In 2013, Bieber launched his online #GiveBackPhilippines campaign for helping the victims of Typhoon Haiyan and travelled to the Philippines after raising $3 million. His work in the country earned him a star on the Philippine Walk of Fame. He also supports Children's Miracle Network Hospitals and Alzheimer's Association. In September 2017, Bieber donated $25,000 to the American Red Cross to help people in Texas after the severe destruction caused by Hurricane Harvey.

On February 7, 2020, Bieber donated $100,000 to Julie Coker, a 22-year-old fan who works in mental health awareness. Coker revealed that her own past struggles with mental health motivated her to work for mental health. She praised Bieber by saying, “[Bieber] has a big following, so if he has a good message about mental health, hopefully everybody else . . . will want to start thinking about mental health in a different way.”

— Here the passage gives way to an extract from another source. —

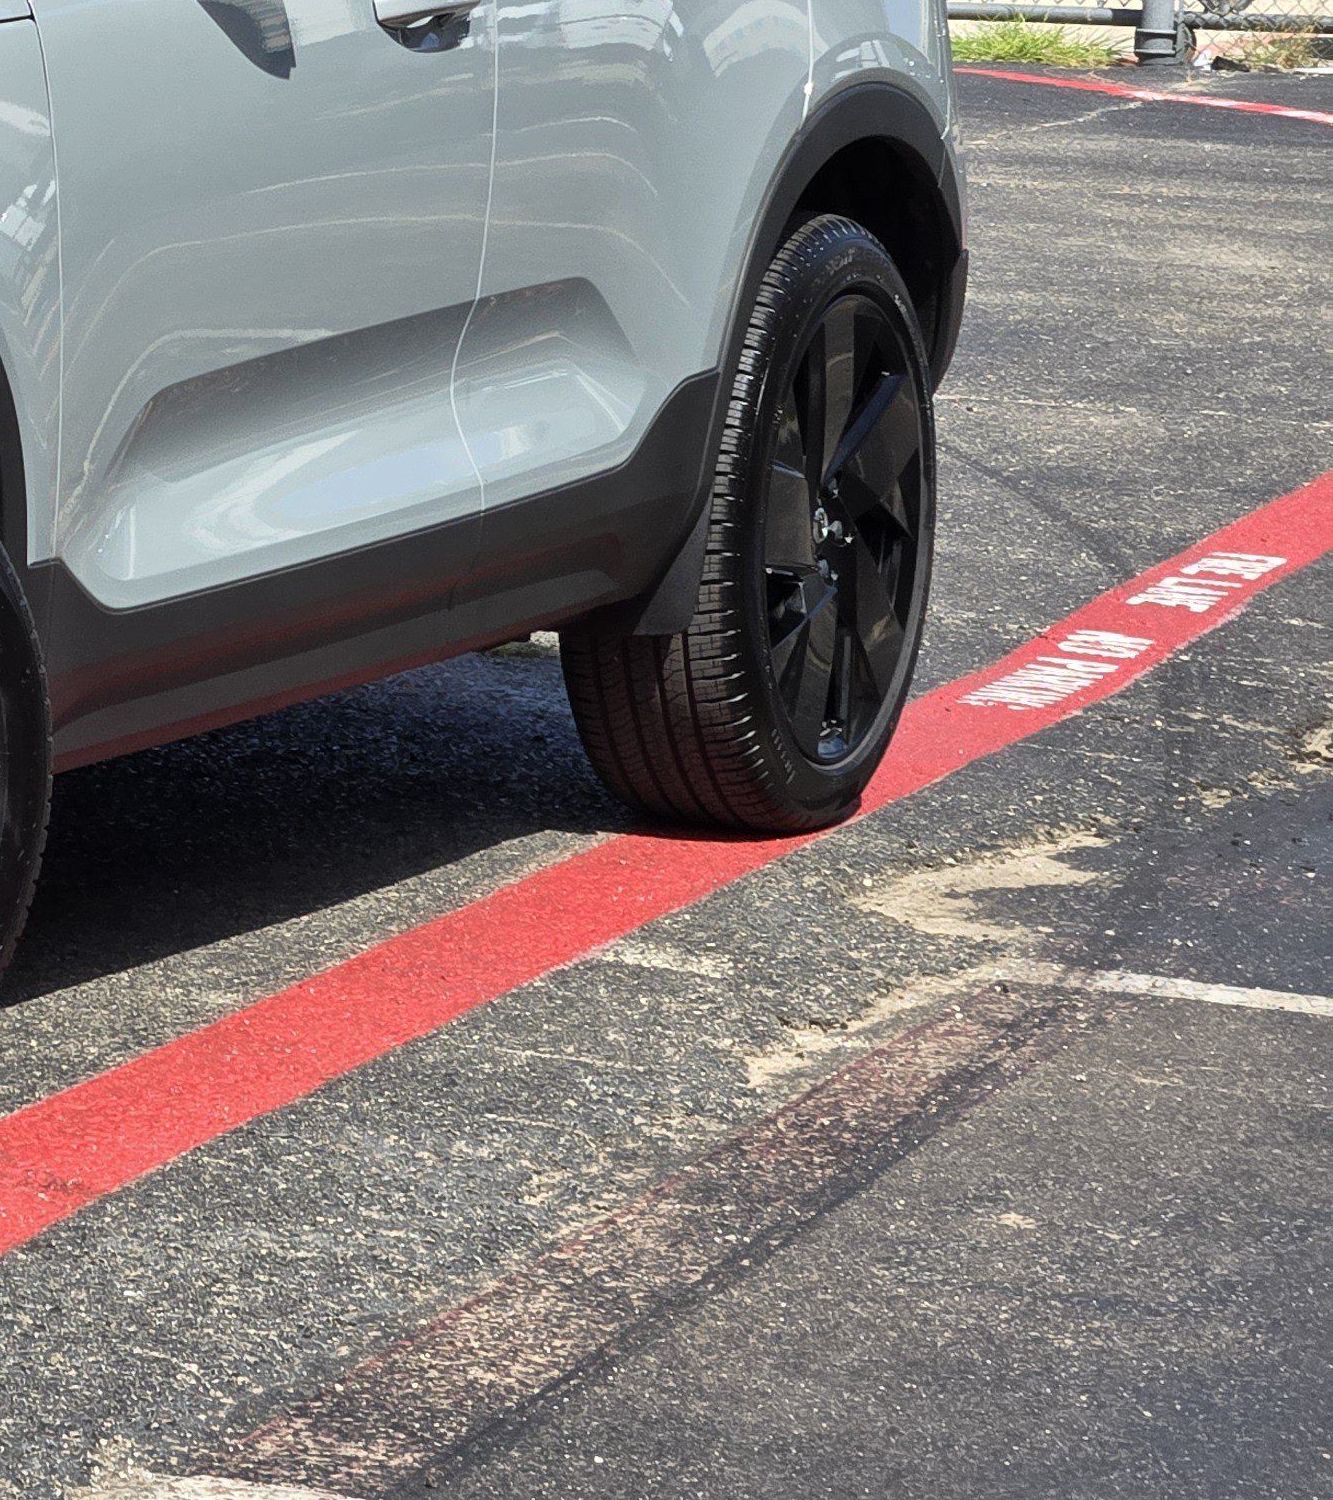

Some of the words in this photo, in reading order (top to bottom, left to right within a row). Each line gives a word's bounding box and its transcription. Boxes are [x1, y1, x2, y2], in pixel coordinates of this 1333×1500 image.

[1179, 551, 1289, 581] FIRE
[1125, 575, 1245, 613] LANE
[1056, 629, 1156, 659] NO
[956, 656, 1121, 711] PARKING

In February 2020, Bieber made a donation to Beijing Chunmiao Children Aid Foundation in China to support COVID-19 relief. Bieber and Ariana Grande collaborated on the single "Stuck With U", released in May 2020 as the first of series of singles coordinated by entertainment executive Scooter Braun, who is also Bieber's manager, to support the COVID-19 pandemic. All net proceeds from the song went to the First Responders Children's Foundation to fund grants and scholarships for children of first responders and health care workers who worked on the front lines during the pandemic. By August 2021, the single had raised over $3,500,000. In September 2020, Bieber and Chance the Rapper announced that they've partnered with Cash App and will donate $250,000 to fans who are struggling during the pandemic.

In March 2021, Bieber visited the California State Prison in Los Angeles County along with his wife Hailey and pastor Judah Smith at the invitation of Scott Budnick. Bieber met with inmates involved in The Urban Ministry Institute and expressed support for Budnick's Anti-Recidivism Coalition. During the visit, Bieber committed to provide buses to transport relatives of the inmates who have been unable to see them due to the COVID-19 pandemic in California. Bieber described his visit to the prison as a "life-changing experience that I will never forget".

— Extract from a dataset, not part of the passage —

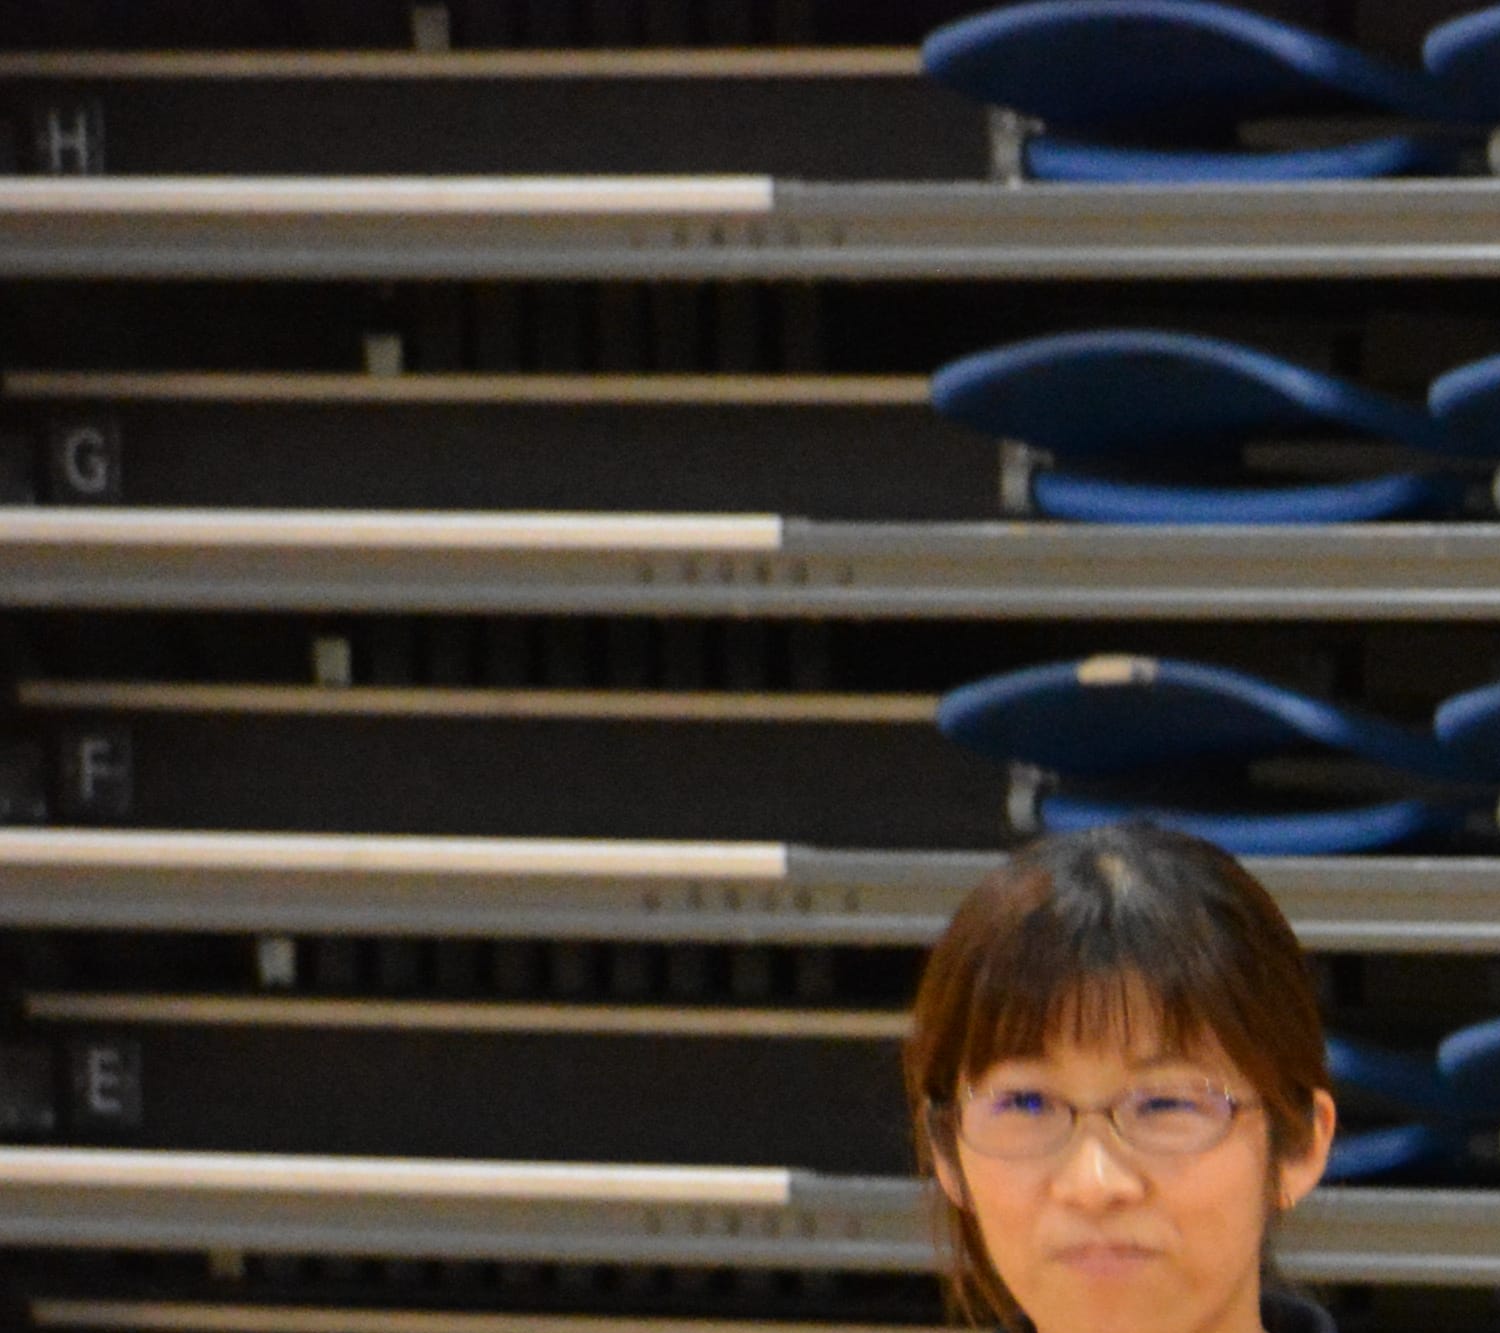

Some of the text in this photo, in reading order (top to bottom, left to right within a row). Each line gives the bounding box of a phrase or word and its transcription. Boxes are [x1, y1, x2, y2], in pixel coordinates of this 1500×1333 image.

[48, 110, 88, 175] H
[65, 428, 107, 494] G
[89, 1049, 121, 1112] E

Legal issues and controversies
Bieber had several run-ins with the law around the world before his first arrest in 2014, including when he was accused of reckless driving in his neighbourhood in 2012, and charged in Brazil with vandalism in 2013. One of his neighbours in Calabasas, California, accused Bieber of throwing eggs at his home on January 9, 2014, and causing thousands of dollars of damage. On January 23, 2014, Bieber was arrested in Miami Beach, Florida, together with singer Khalil, on suspicion of driving under the influence (DUI), driving with an over six month expired license, and resisting arrest without violence. Police said that Bieber told authorities he had consumed alcohol, smoked marijuana, and taken prescription drugs. He was released from these charges on a $2,500 bond. A toxicology report revealed that Bieber had THC (a principal constituent of cannabis) and the anti-anxiety medication Xanax in his system at the time of his arrest. However, in January 2021, he reflected on this event, describing it as "not [his] finest hour" and encouraging fans to "let the forgiveness of Jesus take over and watch your life blossom into all that God has designed you to be."

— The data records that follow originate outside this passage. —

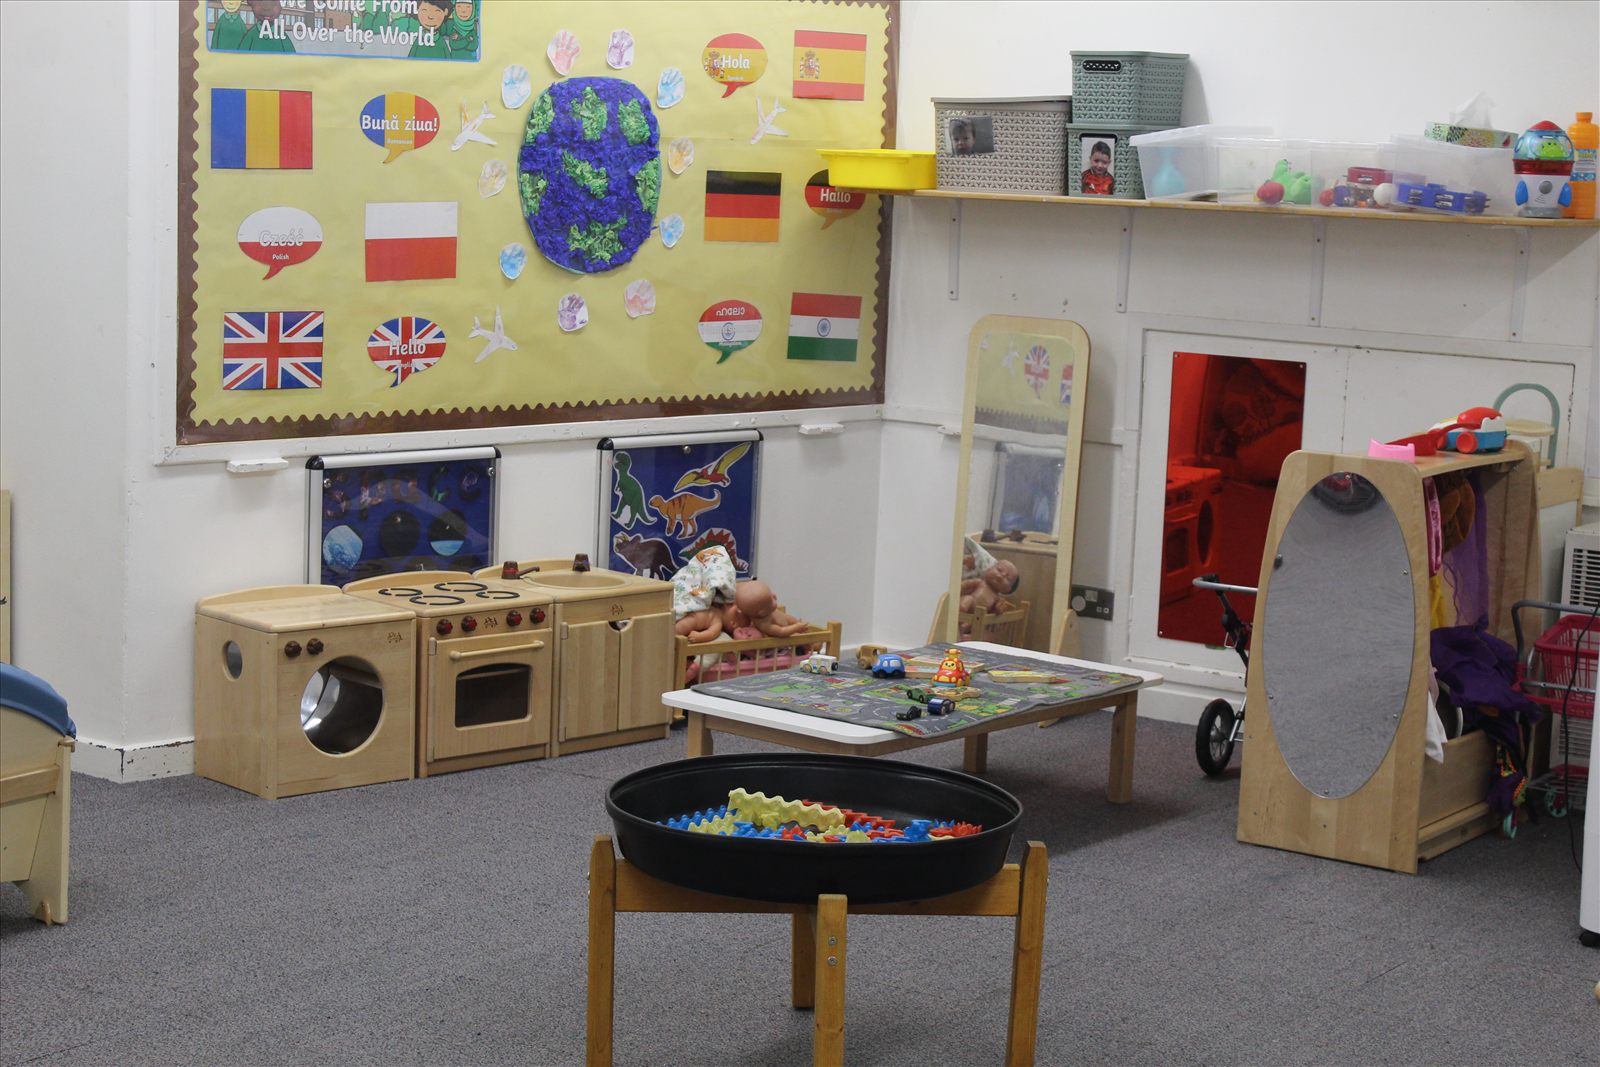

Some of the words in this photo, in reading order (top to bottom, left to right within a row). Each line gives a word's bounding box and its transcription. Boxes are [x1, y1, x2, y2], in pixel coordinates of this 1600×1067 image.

[259, 18, 286, 40] All
[293, 22, 337, 42] Over
[344, 23, 374, 44] the
[380, 26, 435, 47] World
[721, 53, 751, 69] Hola
[361, 114, 399, 130] Bună
[404, 116, 438, 132] ziua!
[820, 188, 851, 203] Hallo
[259, 227, 304, 247] Cześć
[389, 338, 427, 356] Hello

Following Bieber's arrest on the DUI charge, more than 270,000 people petitioned the White House seeking to have him deported from the United States. Although the number of signatures received was sufficient to require a response under published White House guidelines, the Obama Administration declined substantive comment on the petition. Immigration Law expert Harlan York noted that the likelihood of Bieber being deported was extremely slim. York stated, "About a decade ago, the Supreme Court ruled that driving under the influence, typically, is not a basis to deport someone."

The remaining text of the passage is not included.